(Dataset entries)
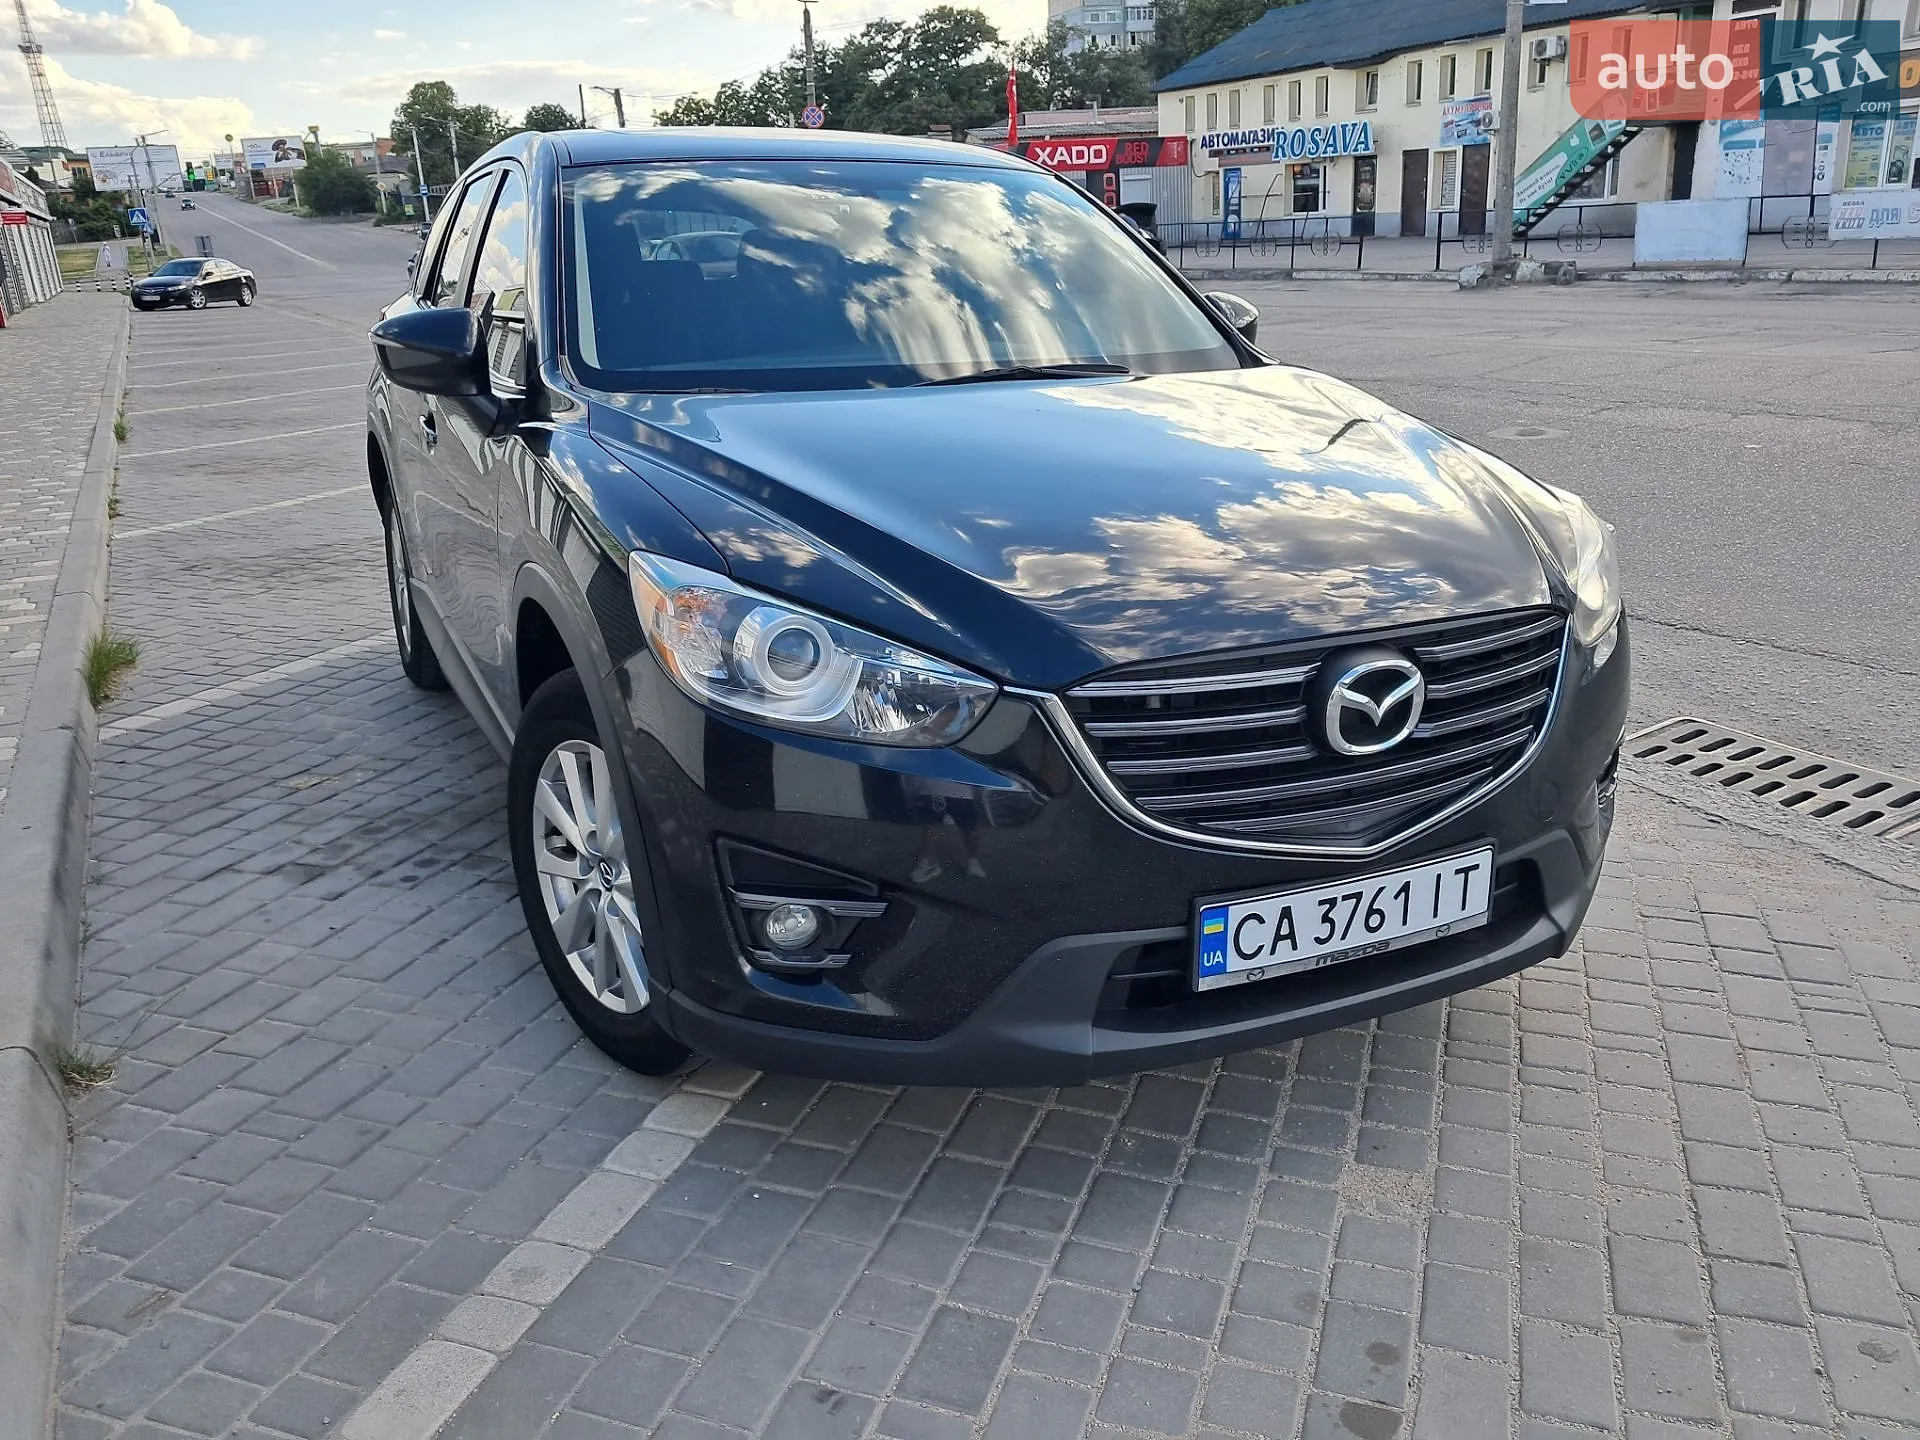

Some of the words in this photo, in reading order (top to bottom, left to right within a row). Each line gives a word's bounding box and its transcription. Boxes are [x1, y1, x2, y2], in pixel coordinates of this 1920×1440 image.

[1733, 69, 1760, 81] 2-24V
[1125, 142, 1149, 152] RED
[1200, 126, 1284, 149] АВТОМАГАЗИ
[1273, 121, 1372, 159] ROSAVA
[1034, 144, 1107, 165] XADO
[1116, 153, 1149, 164] BOOST
[1869, 208, 1901, 228] ДЛЯ
[1233, 905, 1298, 961] CA
[1313, 880, 1412, 946] 3761
[1432, 863, 1481, 919] IT
[1203, 950, 1224, 967] UA
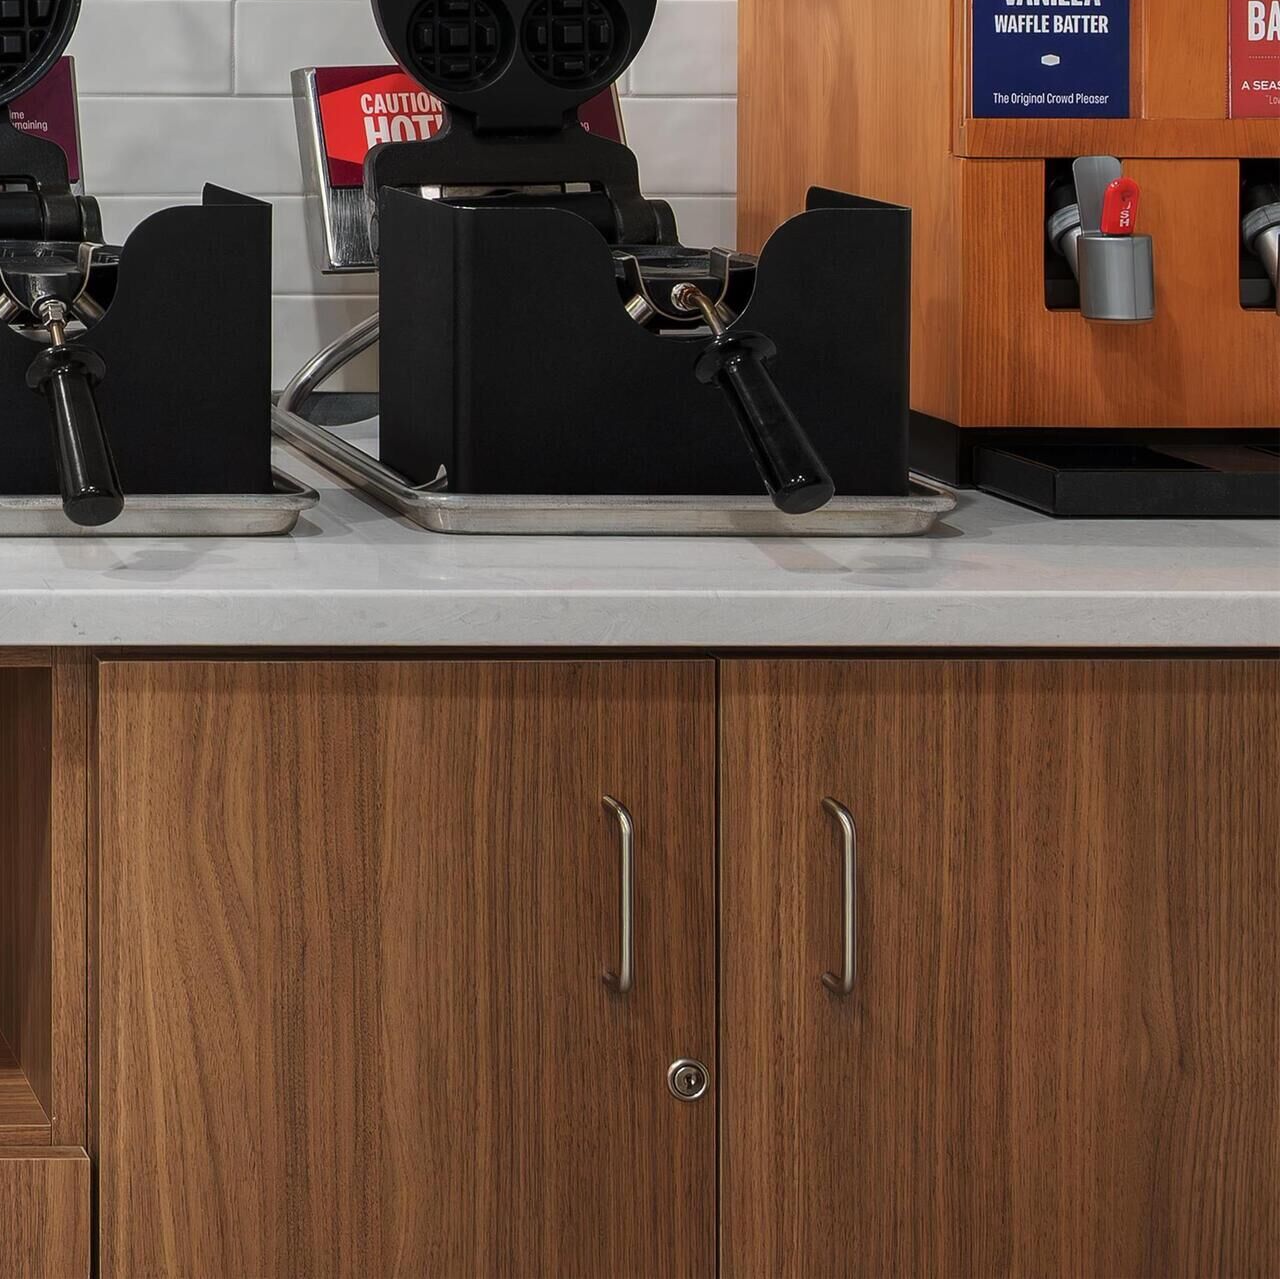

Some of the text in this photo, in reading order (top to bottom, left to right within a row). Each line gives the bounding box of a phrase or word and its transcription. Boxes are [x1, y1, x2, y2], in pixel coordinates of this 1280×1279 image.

[994, 14, 1109, 33] WAFFLE BATTER
[1241, 80, 1250, 90] A
[993, 92, 1109, 107] The Original Crowd Pleaser
[12, 120, 48, 132] maining
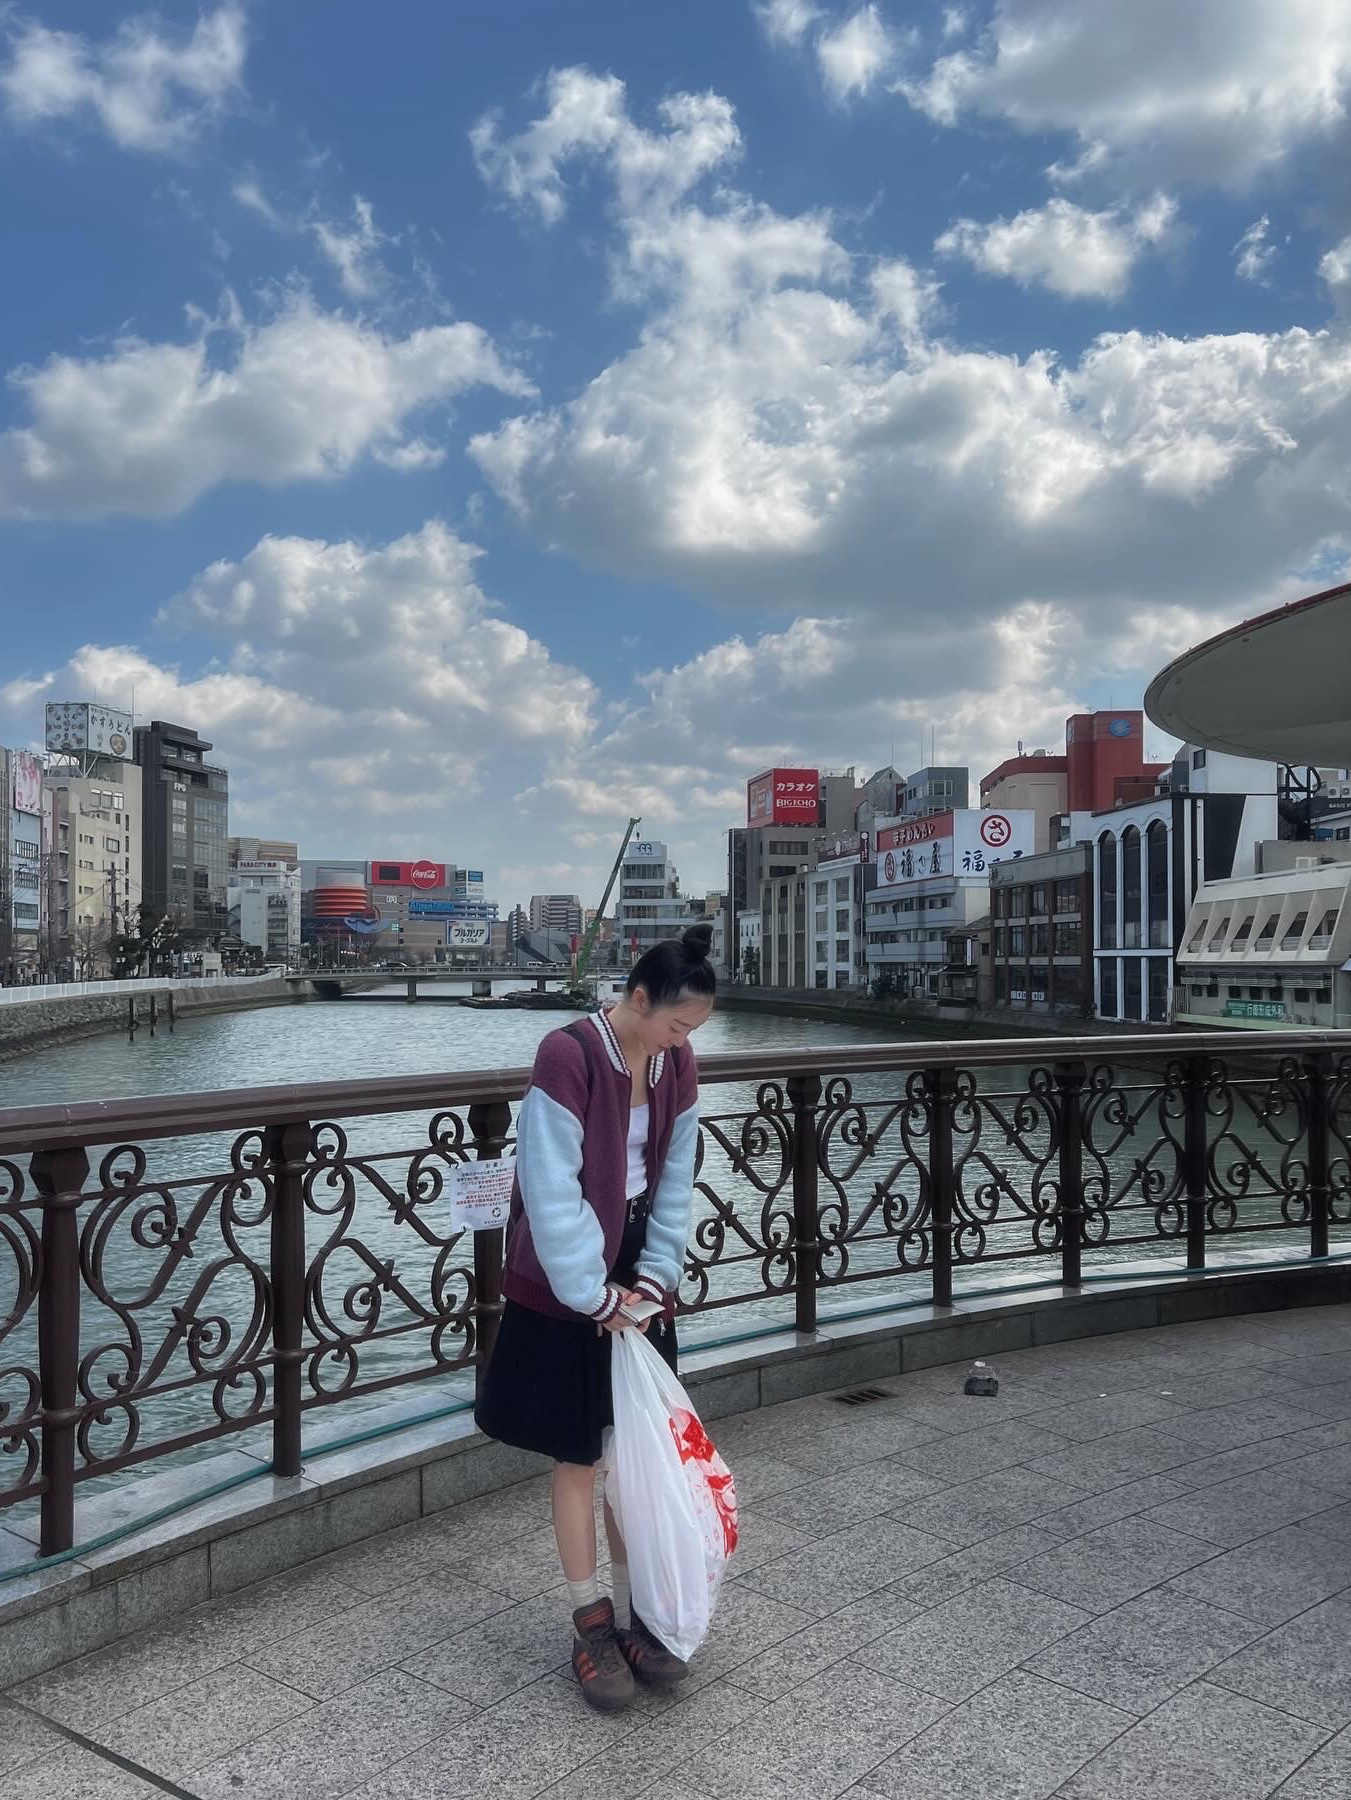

Problem to work on:
For every entry above, write it out exactly and remove any image.

Solution to this exercise:
Some of the words in this photo, in reading order (top to bottom, left to right within a row). Each line gives a word's bounding box and its transcription. Boxes are [x1, y1, x2, y2], in pixel coordinates of this 1920×1440 image.

[1733, 69, 1760, 81] 2-24V
[1125, 142, 1149, 152] RED
[1200, 126, 1284, 149] АВТОМАГАЗИ
[1273, 121, 1372, 159] ROSAVA
[1034, 144, 1107, 165] XADO
[1116, 153, 1149, 164] BOOST
[1869, 208, 1901, 228] ДЛЯ
[1233, 905, 1298, 961] CA
[1313, 880, 1412, 946] 3761
[1432, 863, 1481, 919] IT
[1203, 950, 1224, 967] UA

Some of the text in this photo, in reading order (top to bottom, left to right within a row). Each line gives the bounding box of a phrase or word and its transcription. Boxes are [x1, y1, x2, y2], in pixel coordinates of this 1280×1279 image.

[994, 14, 1109, 33] WAFFLE BATTER
[1241, 80, 1250, 90] A
[993, 92, 1109, 107] The Original Crowd Pleaser
[12, 120, 48, 132] maining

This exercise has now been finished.